On this programme it was also the first place the work showed up in money.

The starting position

Nine out of every ten items in stock were slow moving. The international benchmark sits near fifteen percent. That gap is not a procurement failure, it is what happens when parts are bought and stored without a maintenance strategy telling anyone which asset needs them.

Slow moving share of inventory, at start90%
International benchmark15%
Six times the benchmark. Stock was being held against equipment that in many cases had no bill of material, and in some cases no longer existed in the form the part was bought for.

What was built

62,154 bills of material were rebuilt against vendor documentation and operational recommendations, taking BOM coverage of the maintainable asset base to 26 percent. Three spare classes were configured so the structure could carry a real stocking policy rather than a flat parts list.

Operational spares46,312
Life cycle and capital spares13,989
Single line BOM2,563
Separating operational spares from life cycle and capital spares is what lets a planner stock differently for a part consumed monthly and a part held once for a ten year overhaul. Without that split, everything defaults to the cautious answer, and the cautious answer is what fills a warehouse.

What it moved

Coverage at 26 percent is not a finished job. It was still enough to break a five year trend. Inventory value fell by 2.4 million dollars, the first reduction in five years, and the first driven by data rather than by a spending freeze. Modelled forward at a conservative two percent volume reduction a year, the same work carries roughly 17.9 million dollars over five years, and materially more if the stocking philosophy is implemented aggressively.

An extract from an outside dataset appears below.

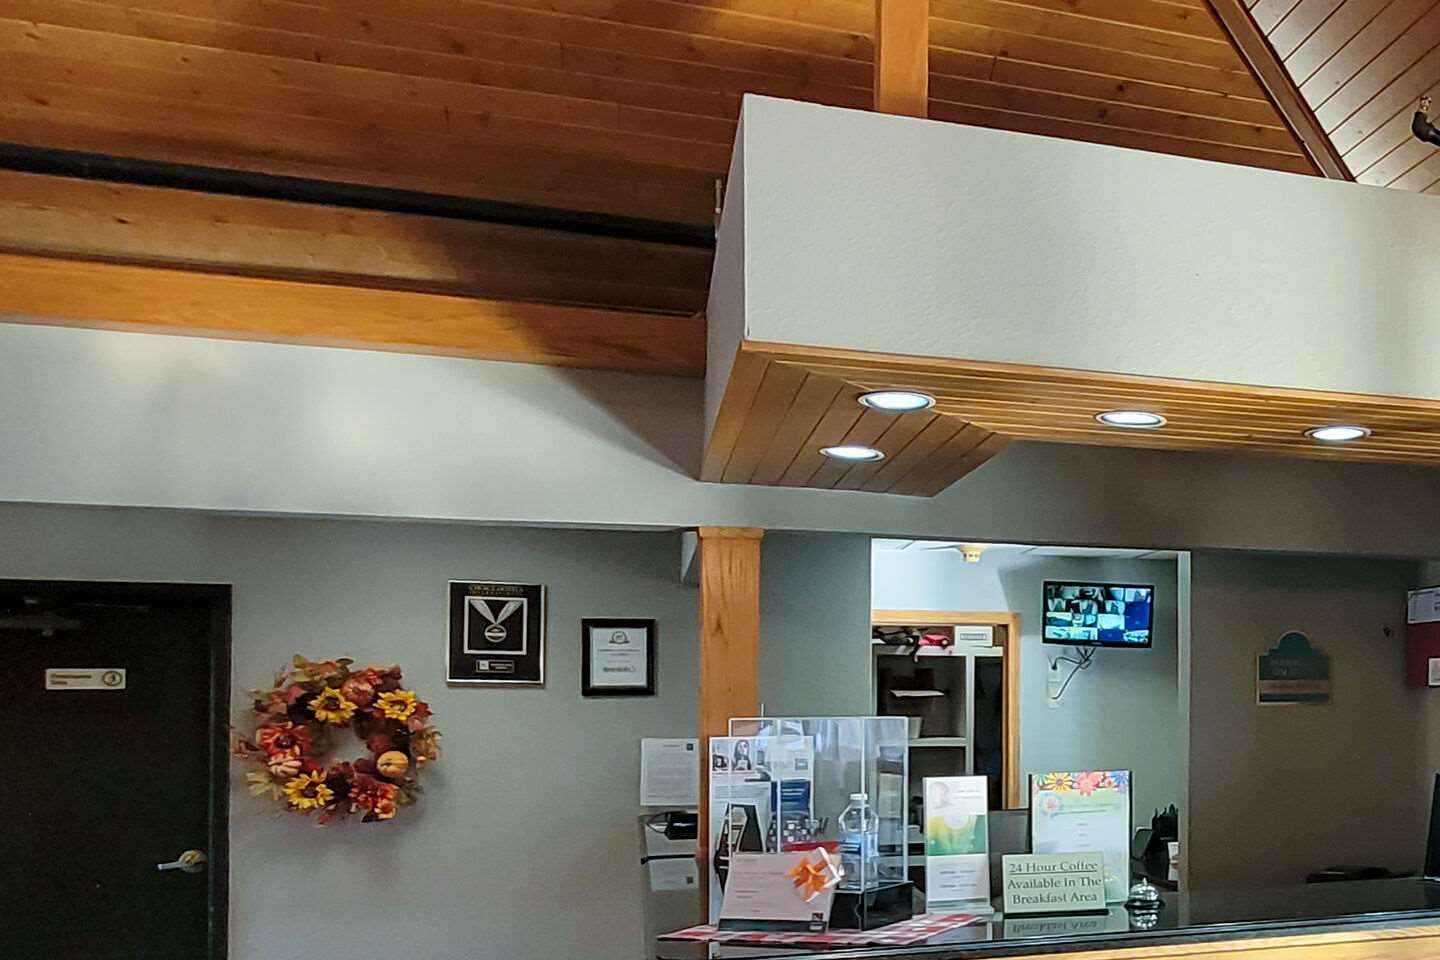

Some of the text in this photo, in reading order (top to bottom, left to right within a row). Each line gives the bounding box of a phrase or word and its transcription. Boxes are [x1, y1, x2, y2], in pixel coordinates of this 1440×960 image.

[1009, 861, 1098, 873] 24 Hour Coffee
[1008, 876, 1101, 889] Available In The
[1012, 892, 1097, 904] Breakfast Area

Realised in year oneUSD 2.4M
Achieved. First inventory reduction in five years.
Five year projection, conservativeUSD 17.9M
Modelled at 2% inventory volume reduction per year.
Five year upside, aggressive strategyUSD 53.3M
Requires the full stocking philosophy, not just the data.
Only the first bar has happened. The other two are projections and are labelled as such deliberately, because the difference between them is execution, not analysis.

Where the value actually sits

Worth noting what the BOM work pays for. Inventory reduction is the visible headline, but it is the smallest share. Most of the return comes from spares being findable and correct when a job is planned.

Spares optimisation40%
Rework and repeat jobs avoided20%
Downtime and MTTR reduction20%
Planning efficiency10%
Inventory optimisation and dead stock10%
The balance sheet result is the one that gets the meeting. The wrench time result is the one that pays for the programme.

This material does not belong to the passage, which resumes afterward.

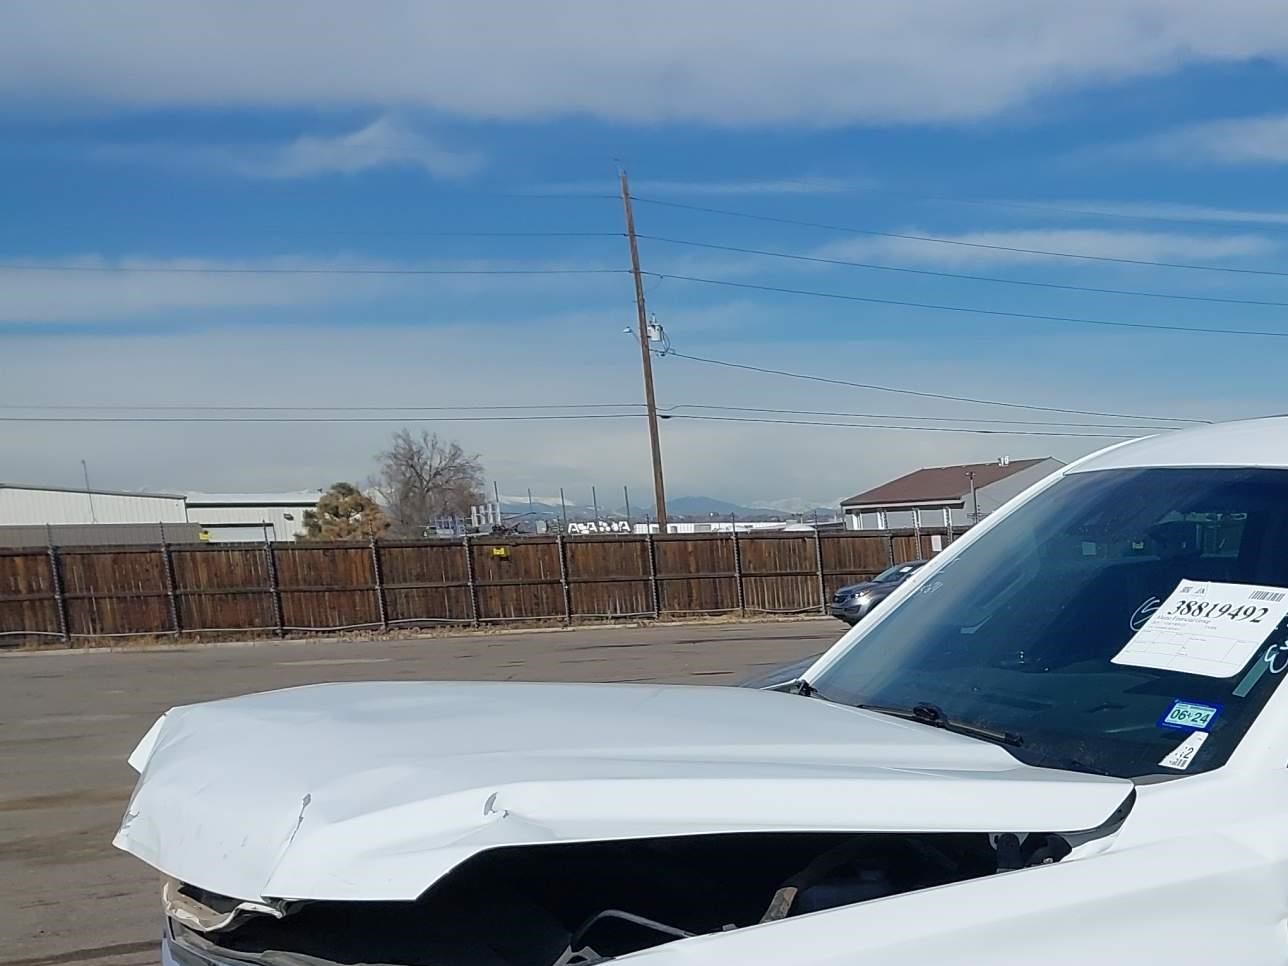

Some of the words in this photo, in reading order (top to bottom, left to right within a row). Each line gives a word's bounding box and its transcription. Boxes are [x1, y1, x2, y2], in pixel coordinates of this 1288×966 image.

[1168, 600, 1269, 624] 38819492
[1170, 708, 1188, 721] 06
[1191, 712, 1211, 724] 24

What the model says is recoverable

Against the 31 million dollar equipment-failure pool, and using a realisation rate between 25 and 40 percent, the programme models annual loss avoidance of roughly 7.8 to 12.4 million dollars once the remaining gaps are closed.

0USD 7.8MUSD 12.4MUSD 31M exposure
The violet band is the modelled annual range. The bar as a whole is the equipment-failure exposure. We present a range rather than a single figure on purpose: a point estimate invites an argument about the number instead of a decision about the work.

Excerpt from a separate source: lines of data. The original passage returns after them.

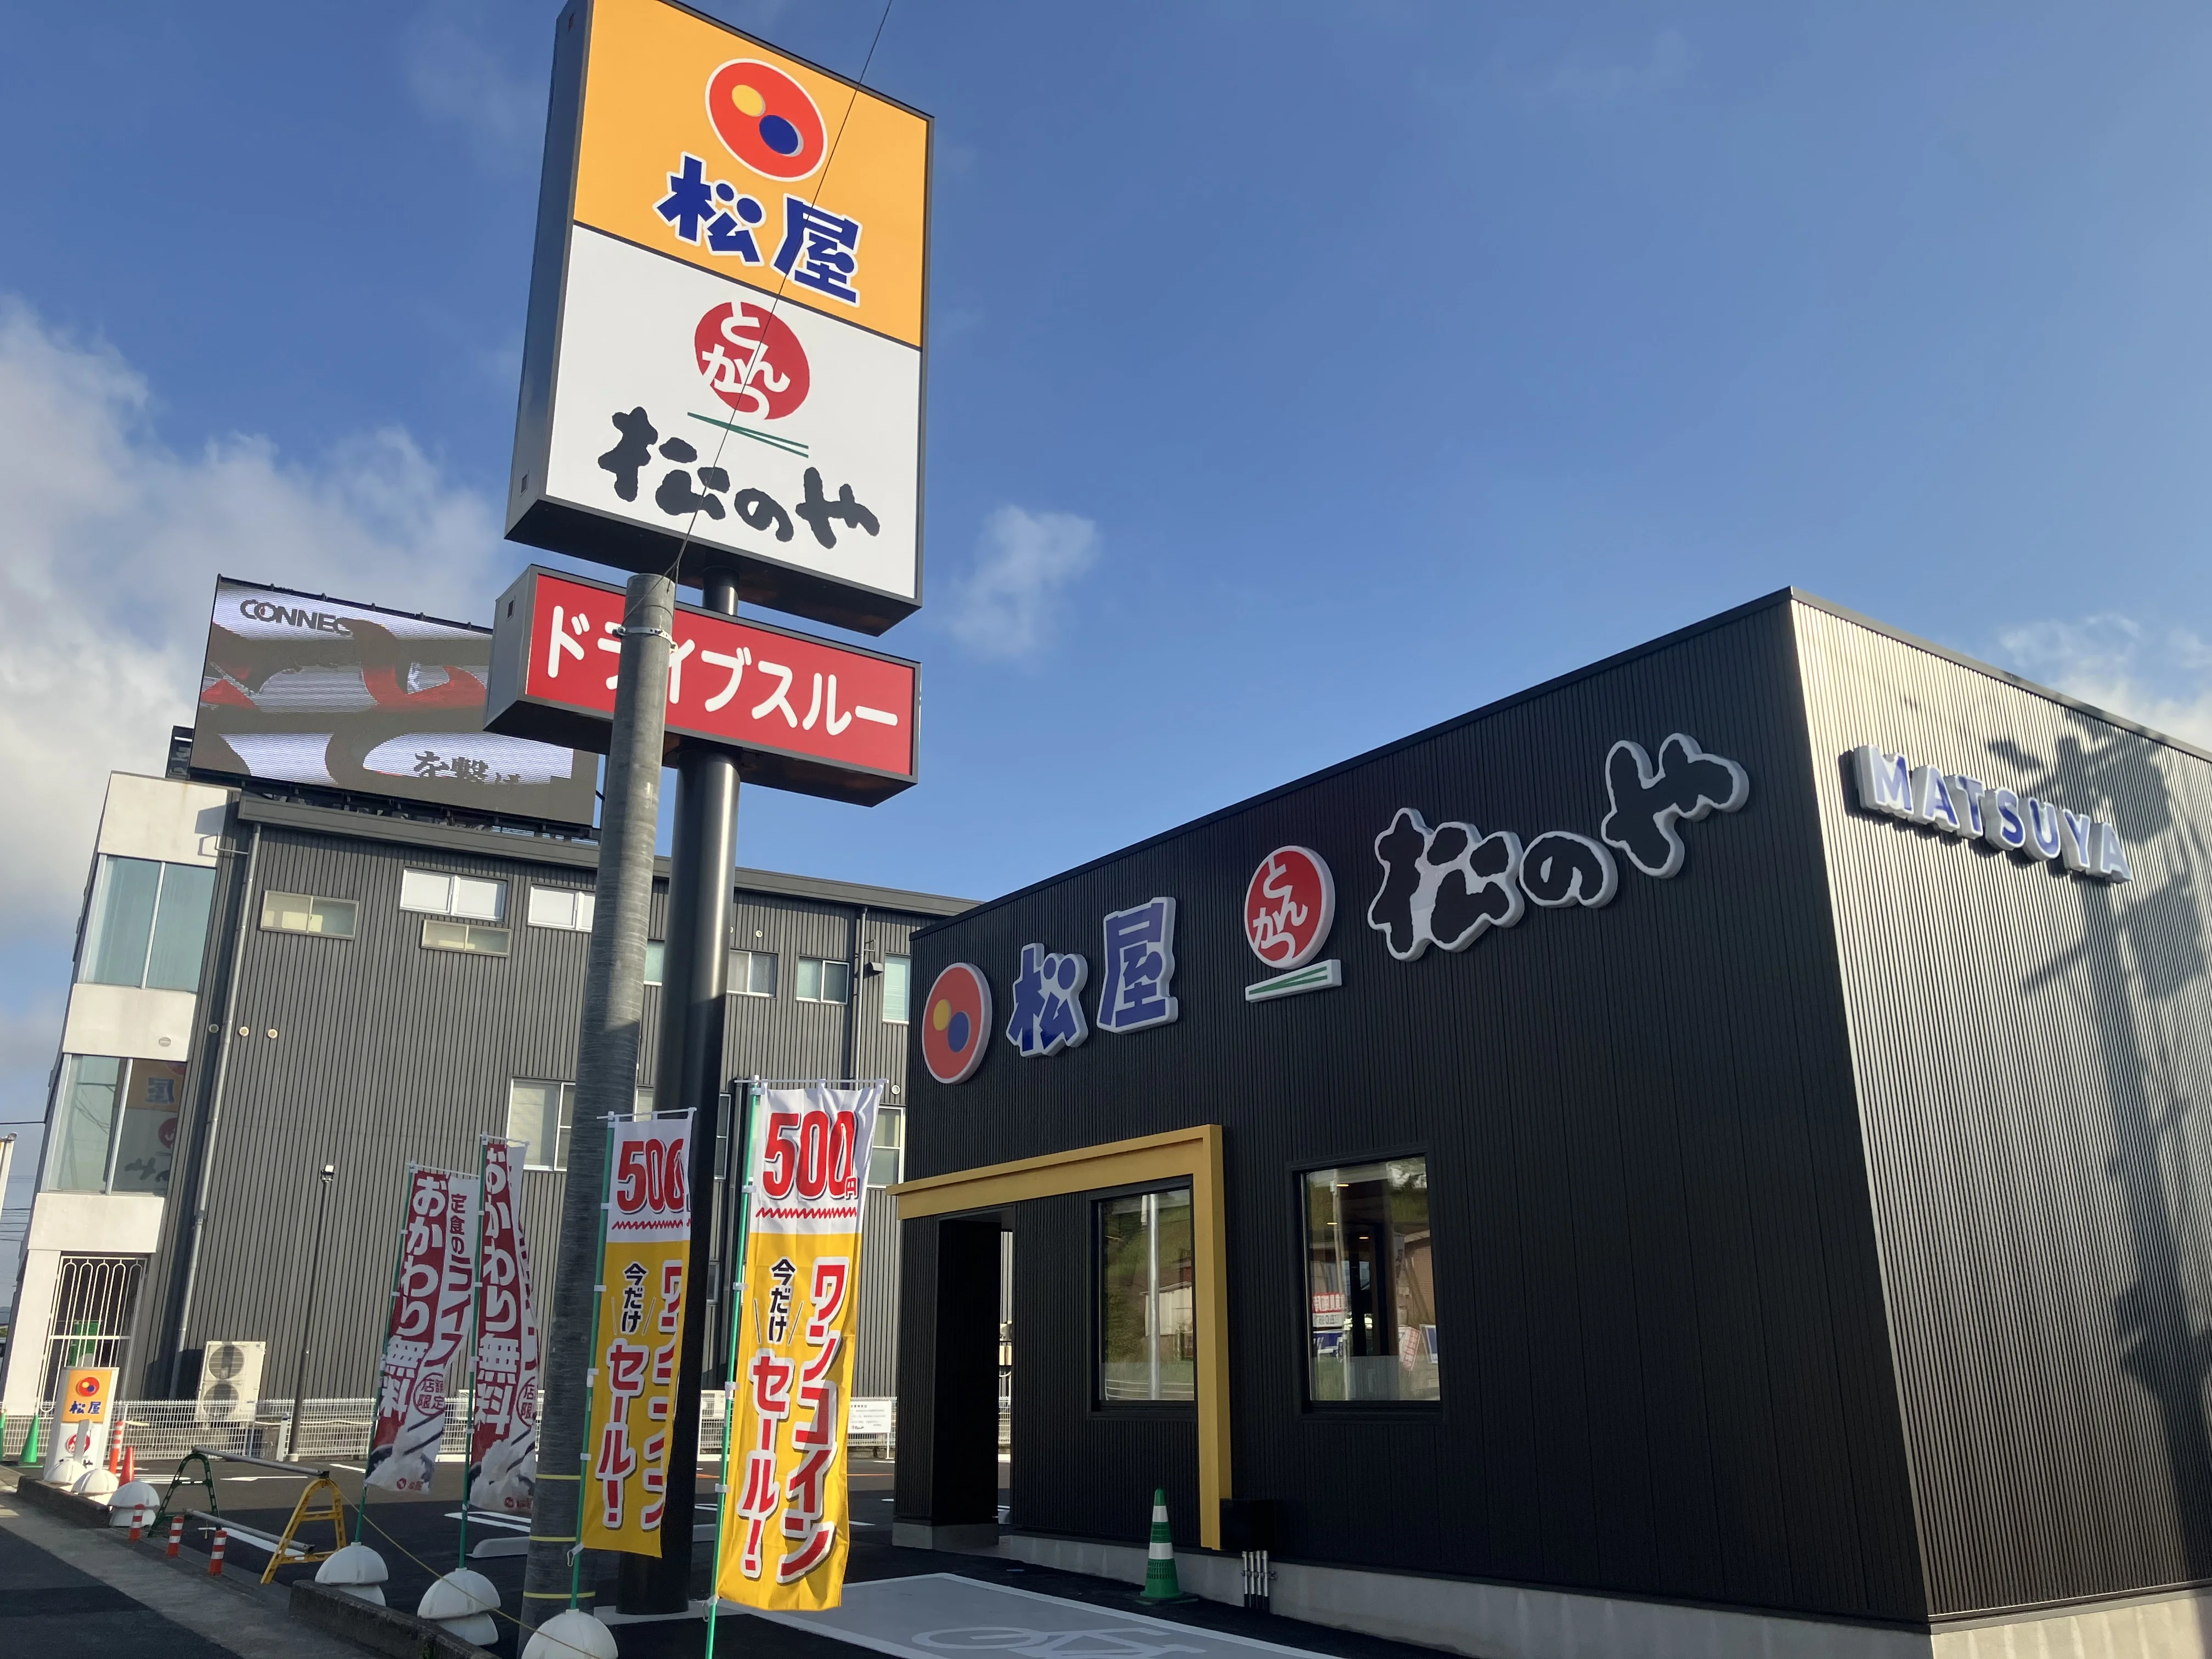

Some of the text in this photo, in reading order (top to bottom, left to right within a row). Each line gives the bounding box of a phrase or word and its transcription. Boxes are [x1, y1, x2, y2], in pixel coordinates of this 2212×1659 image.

[654, 153, 861, 306] 松屋
[597, 406, 881, 550] 松のや
[1853, 744, 2132, 883] MATSUYA
[1006, 896, 1178, 1057] 松屋
[763, 1110, 858, 1200] 500円
[380, 1176, 448, 1422] おかわり無料
[423, 1193, 473, 1369] 定食のライス
[623, 1262, 648, 1333] 今だけ
[768, 1257, 797, 1343] 今だけ
[69, 1401, 101, 1414] 松屋
[597, 1342, 647, 1525] セール!
[740, 1353, 791, 1573] セール!
[780, 1263, 848, 1579] ワンコイン

What is delivered and what is modelled. The move from 66.75% to 95.4% master data quality is a delivered outcome. The loss avoidance range is a projection built on three adjustable inputs: the share of failure days addressable by data quality, the realisation rate, and the ramp. It should be recalibrated against a sampled root cause review of the 41 failure days before anyone commits to it. Neither figure includes inventory carrying cost, obsolescence or write off. Those sit outside the production loss pool entirely and were tracked separately, so the inventory result reported above is additional to the range shown here rather than part of it.

Figures converted to US dollars at the fixed rate applying in the operating jurisdiction. The client, its location and its plant identifiers have been removed.